Engen and Lande’s (1996) model differs in a number of important ways from the neutral model developed in this book. First, it treats the effects of both environmental stochasticity and demographic stochasticity on population dynamics, whereas the theory I develop here thus far only has demographic stochasticity. Second, it incorporates density-dependent population growth without zero-sum dynamics. The theory here assumes zero-sum dynamics that cap maximum population size, but it does not impose per capita restraints on birth and death rates that change with population size. Thus far, their theory does not include migration rates, whereas the present theory does (chapters 4–6). It should be possible to evaluate which theory applies in a particular situation by the relationship between the mean and variance of population sizes across a community. More importantly, although Engen and Lande’s theory can produce a lognormal relative abundance distribution with the appropriate choice of model for stochastic density dependence, we have seen that most observed relative abundance distributions are not, in fact, lognormal. It remains to be seen whether their model can produce the asymmetrical zero-sum multinomial distribution of relative species abundance with its observed long tail of very rare species. I now turn my attention to the development of the unified neutral theory of biodiversity and biogeography.

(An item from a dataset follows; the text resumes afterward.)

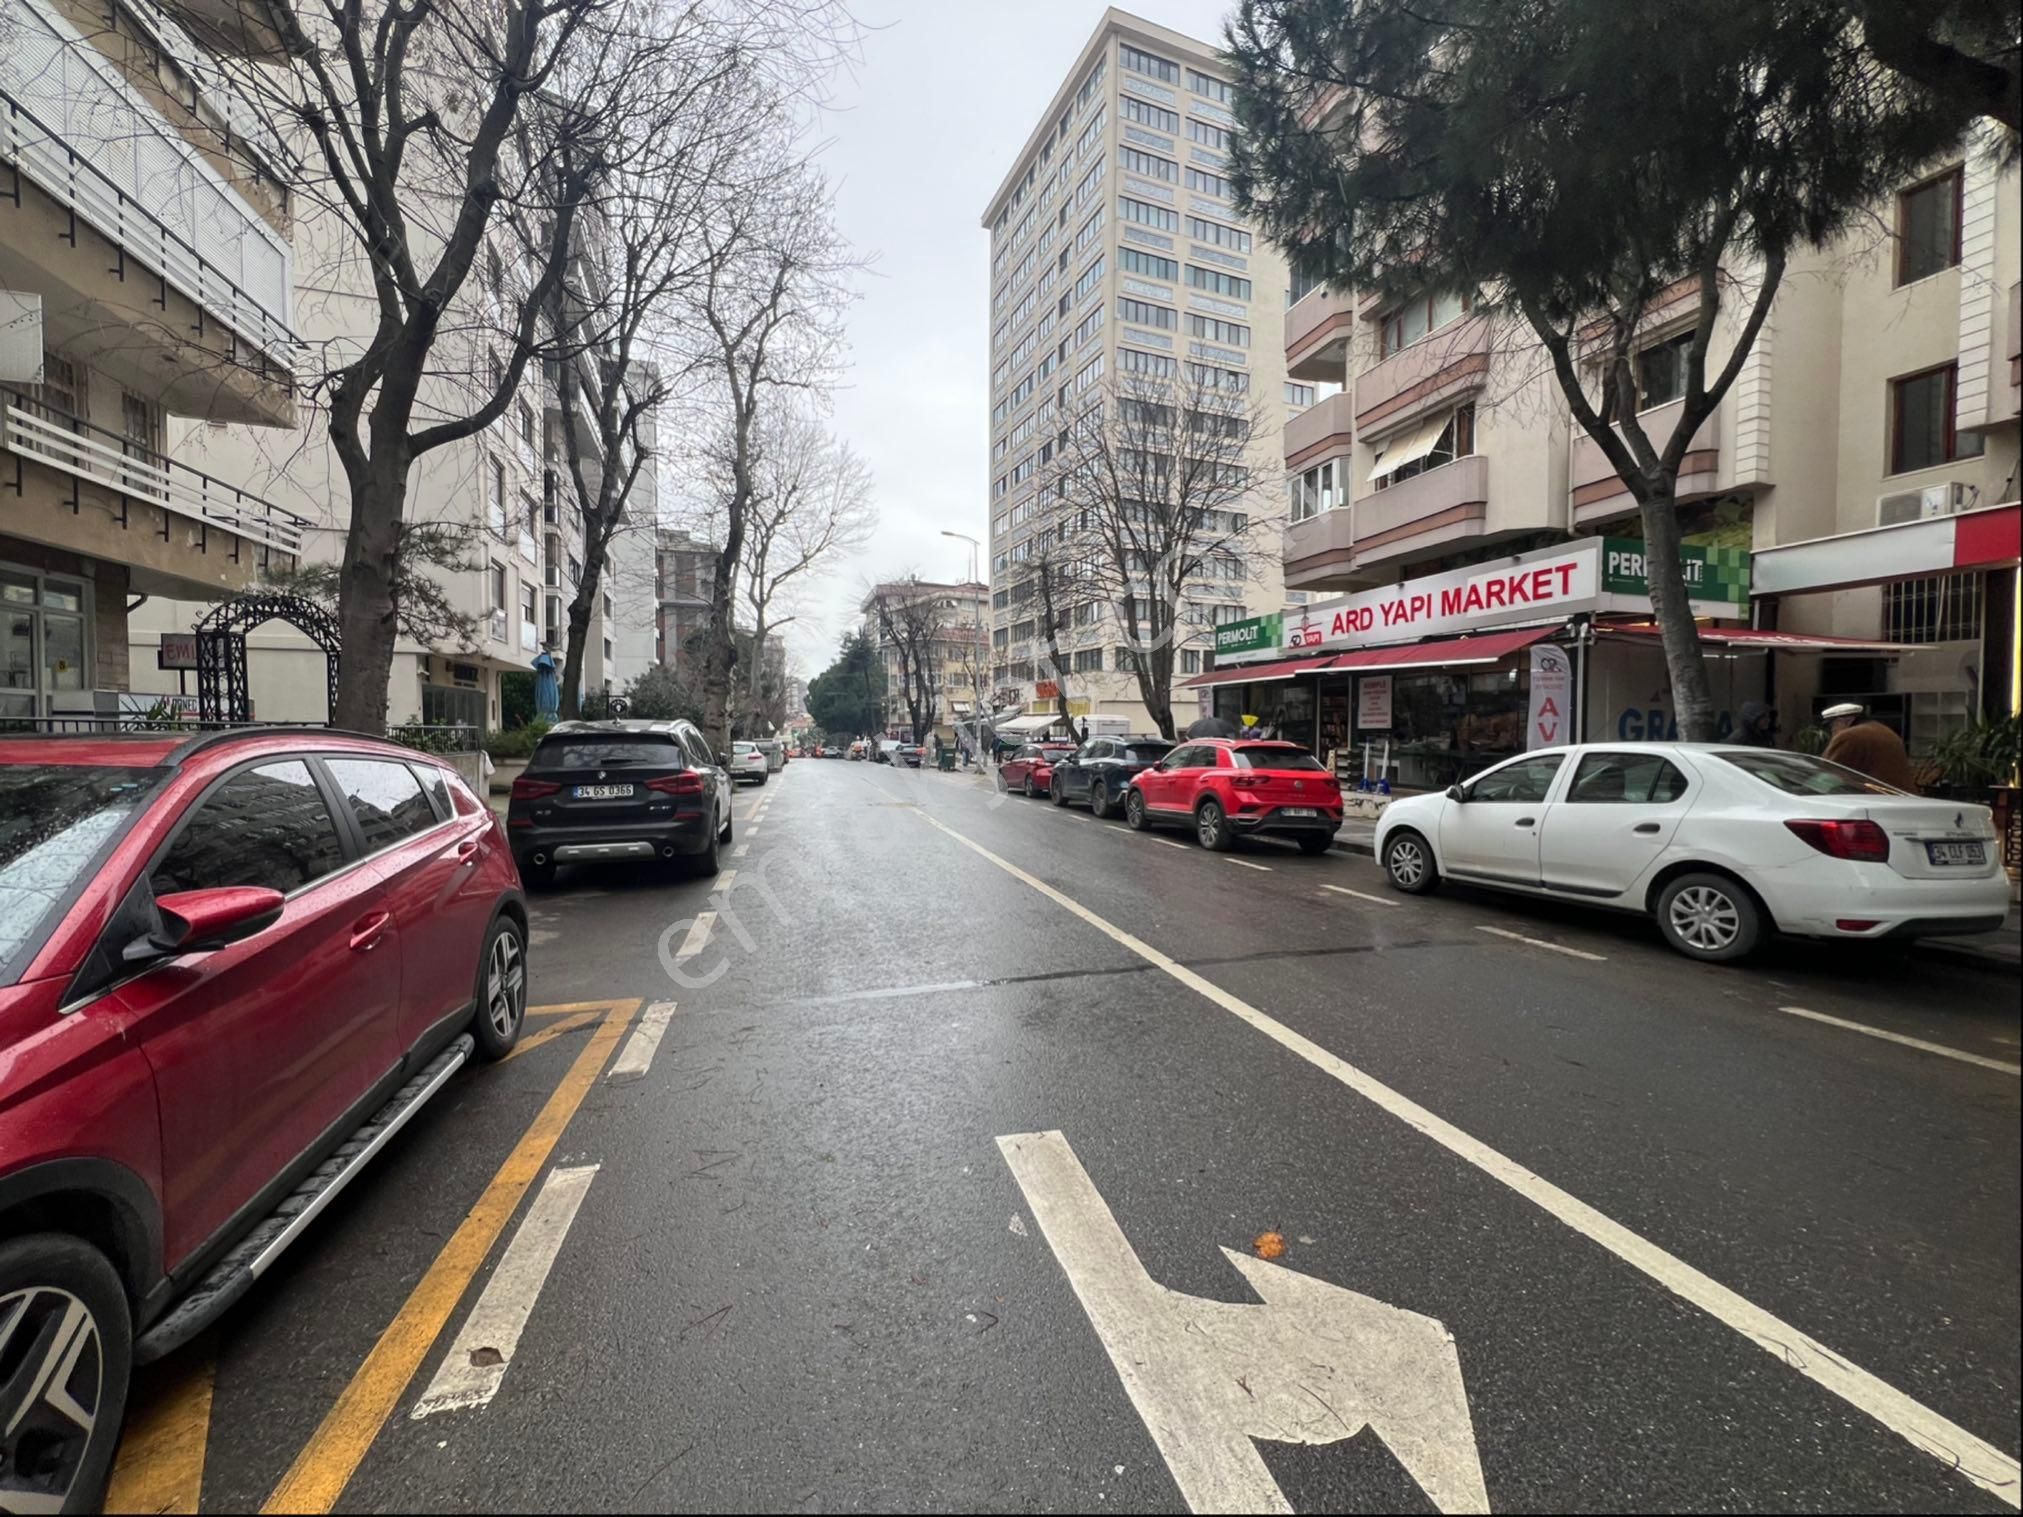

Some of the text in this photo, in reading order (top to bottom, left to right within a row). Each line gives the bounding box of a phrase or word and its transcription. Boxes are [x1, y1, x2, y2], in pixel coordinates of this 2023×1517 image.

1. Relatively few models have taken a dynamic approach to a theory of relative species abundance, building on processes of birth, death, migration, and speciation. The first of these dynamical theories, by Caswell, would have performed far better had the assumption of constant community size and zero-sum dynamics been explored.
2. The key first principle of the unified neutral theory is that the dynamics of communities are a zero-sum game. No species can increase in abundance in the community without a matching decrease in the collective abundance of all other species.
3. This principle follows immediately from the generally observed, remarkably precise, linear relationship between the number of individuals and sample area in a community, a relationship that holds quite generally in ecological communities, irrespective of the turnover of species from one local area to another.
4. If the dynamics of species abundances are neutral on a per capita basis under zero sum dynamics, then a theorem can be proven about relative species abundance that predicts that relative abundances will be described by a new statistical distribution called a zero-sum multinomial.
5. The zero-sum multinomial distribution is similar to a lognormal distribution for common species, but it differs in shape for the rare species. Unlike the lognormal, it is asymmetrical, typically with a long tail of very rare species. Most newer, larger datasets on relative species abundance in natural communities exhibit this asymmetry and long tail of rare species.
6. The long tail of very rare species means that relative abundance distributions are not canonical, sensu Preston, because there is no fixed relationship between the total number of individuals sampled and the abundance of the rarest species.
7. At least one other dynamical theory of relative species abundance has, with different assumptions, been able to generate lognormal distributions. However, none of the other theories except the present one reproduces the zero-sum multinomial distribution and the long tail of rare species observed in real datasets.